TASK DIRECTIONS: Copy out the records in full, word for word, without pictures.
*** GIVEN INFORMATION ***
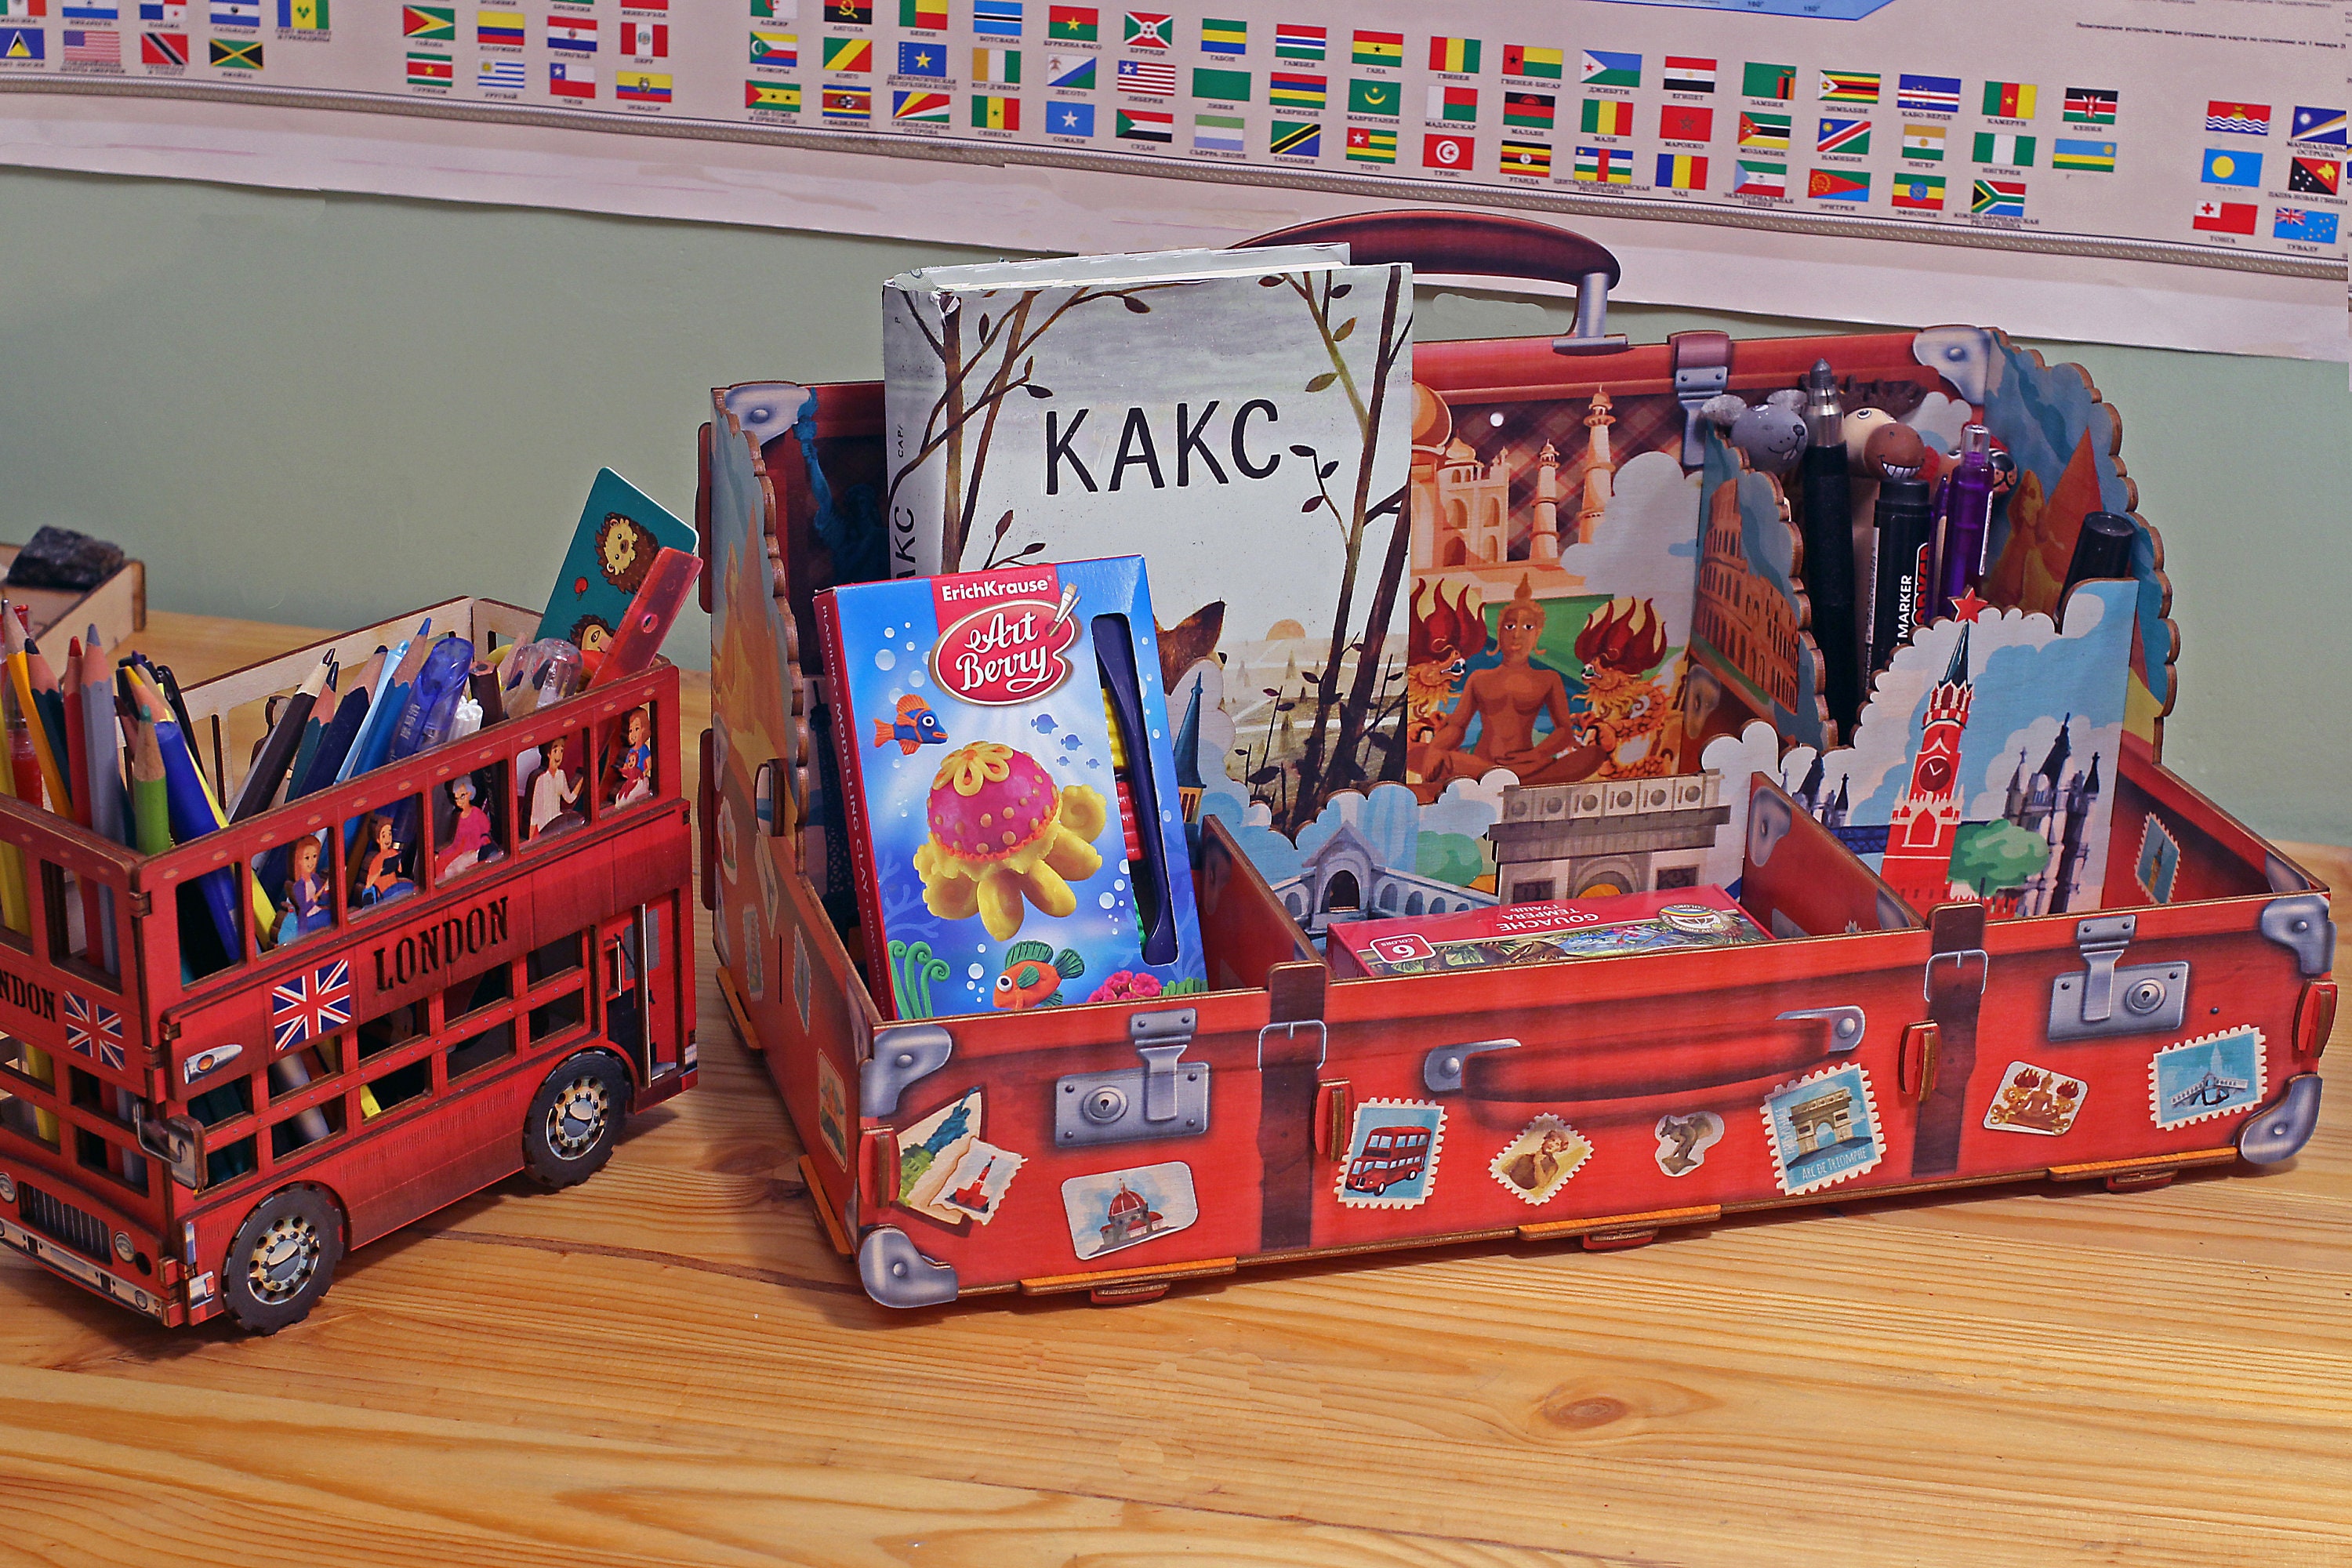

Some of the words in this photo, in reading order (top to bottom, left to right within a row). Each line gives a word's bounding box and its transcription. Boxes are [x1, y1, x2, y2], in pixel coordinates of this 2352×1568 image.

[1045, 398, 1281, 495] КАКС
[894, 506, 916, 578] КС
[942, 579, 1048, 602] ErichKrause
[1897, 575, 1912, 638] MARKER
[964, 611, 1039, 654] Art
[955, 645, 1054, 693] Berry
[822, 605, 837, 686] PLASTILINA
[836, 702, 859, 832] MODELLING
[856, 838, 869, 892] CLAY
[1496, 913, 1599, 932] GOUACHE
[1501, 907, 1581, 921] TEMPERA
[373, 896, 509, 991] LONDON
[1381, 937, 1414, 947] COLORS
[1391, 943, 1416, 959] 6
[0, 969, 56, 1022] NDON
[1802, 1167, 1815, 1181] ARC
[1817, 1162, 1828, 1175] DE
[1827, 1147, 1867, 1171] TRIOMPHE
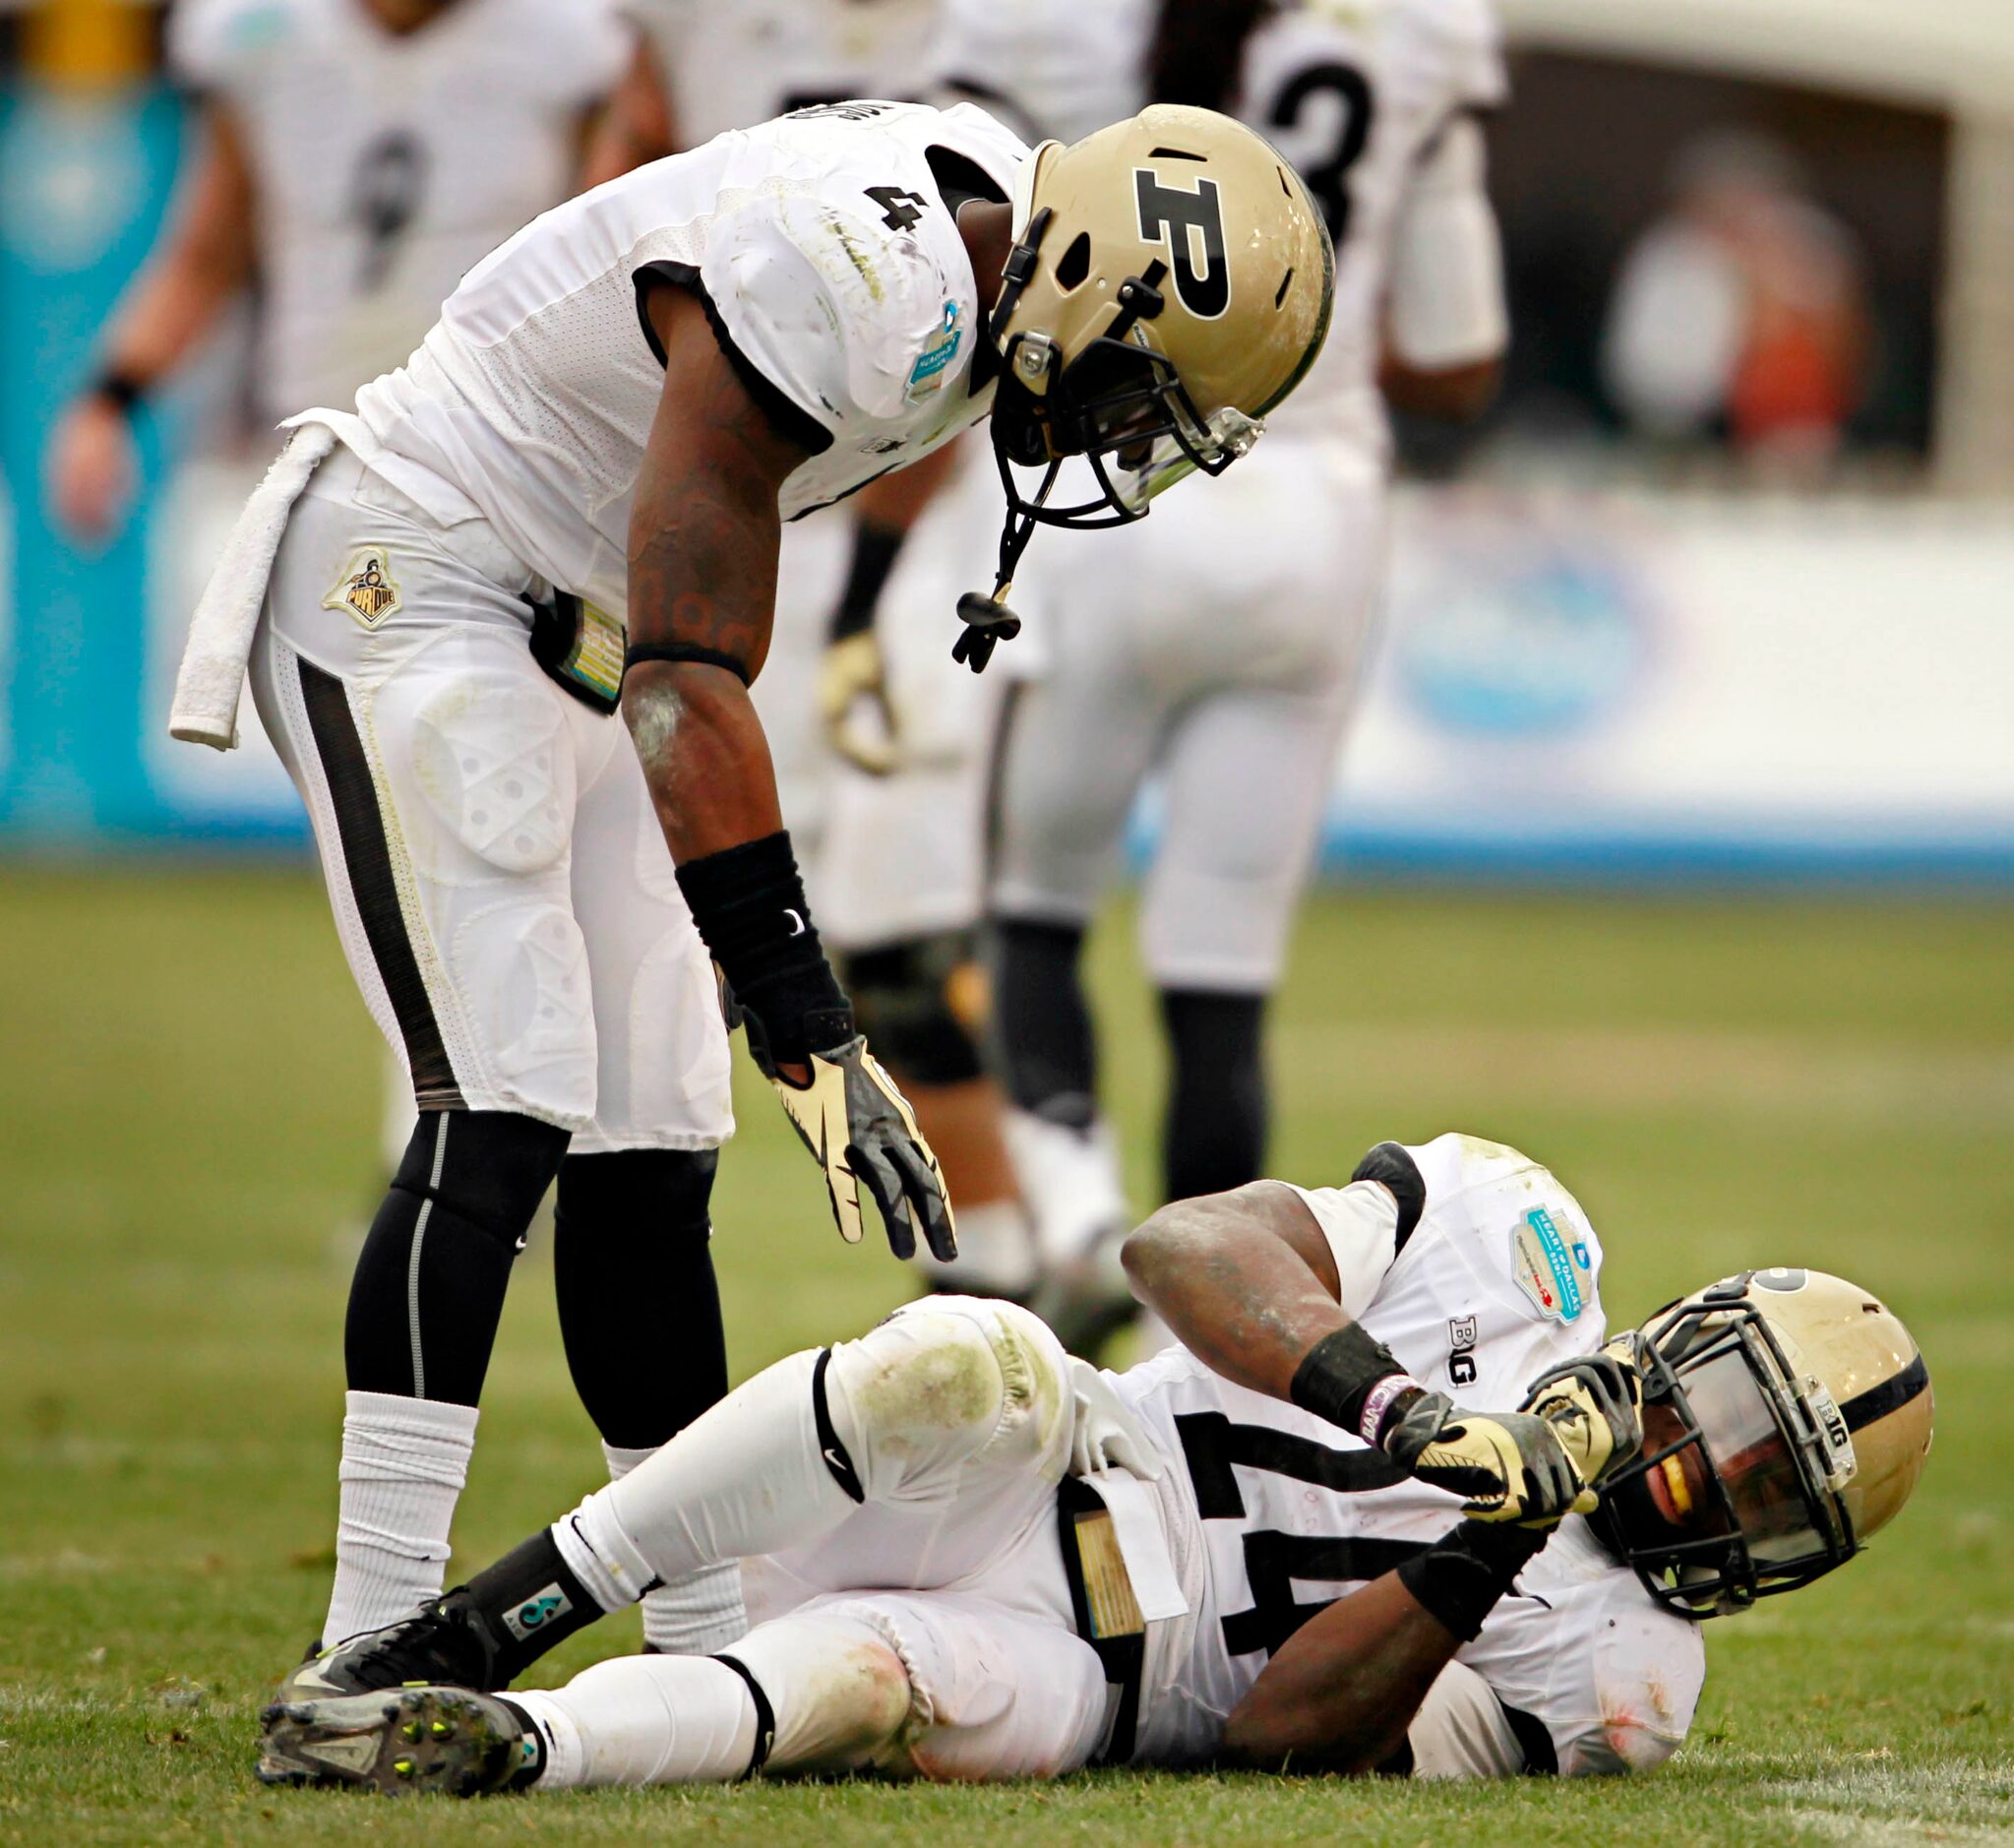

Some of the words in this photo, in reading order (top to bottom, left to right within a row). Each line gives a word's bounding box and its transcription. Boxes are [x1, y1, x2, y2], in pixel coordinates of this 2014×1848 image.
***
SOLUTION:
Some of the words in this photo, in reading order (top to bottom, left to right within a row). Each line gives a word's bounding box and its transcription. Boxes are [x1, y1, x2, y2], in pixel coordinates of this 2352×1568 image.

[1045, 398, 1281, 495] КАКС
[894, 506, 916, 578] КС
[942, 579, 1048, 602] ErichKrause
[1897, 575, 1912, 638] MARKER
[964, 611, 1039, 654] Art
[955, 645, 1054, 693] Berry
[822, 605, 837, 686] PLASTILINA
[836, 702, 859, 832] MODELLING
[856, 838, 869, 892] CLAY
[1496, 913, 1599, 932] GOUACHE
[1501, 907, 1581, 921] TEMPERA
[373, 896, 509, 991] LONDON
[1381, 937, 1414, 947] COLORS
[1391, 943, 1416, 959] 6
[0, 969, 56, 1022] NDON
[1802, 1167, 1815, 1181] ARC
[1817, 1162, 1828, 1175] DE
[1827, 1147, 1867, 1171] TRIOMPHE

Some of the words in this photo, in reading order (top to bottom, left to right within a row). Each line gives a word's bounding box and its transcription. Boxes are [x1, y1, x2, y2], in pixel coordinates of this 2014×1848 image.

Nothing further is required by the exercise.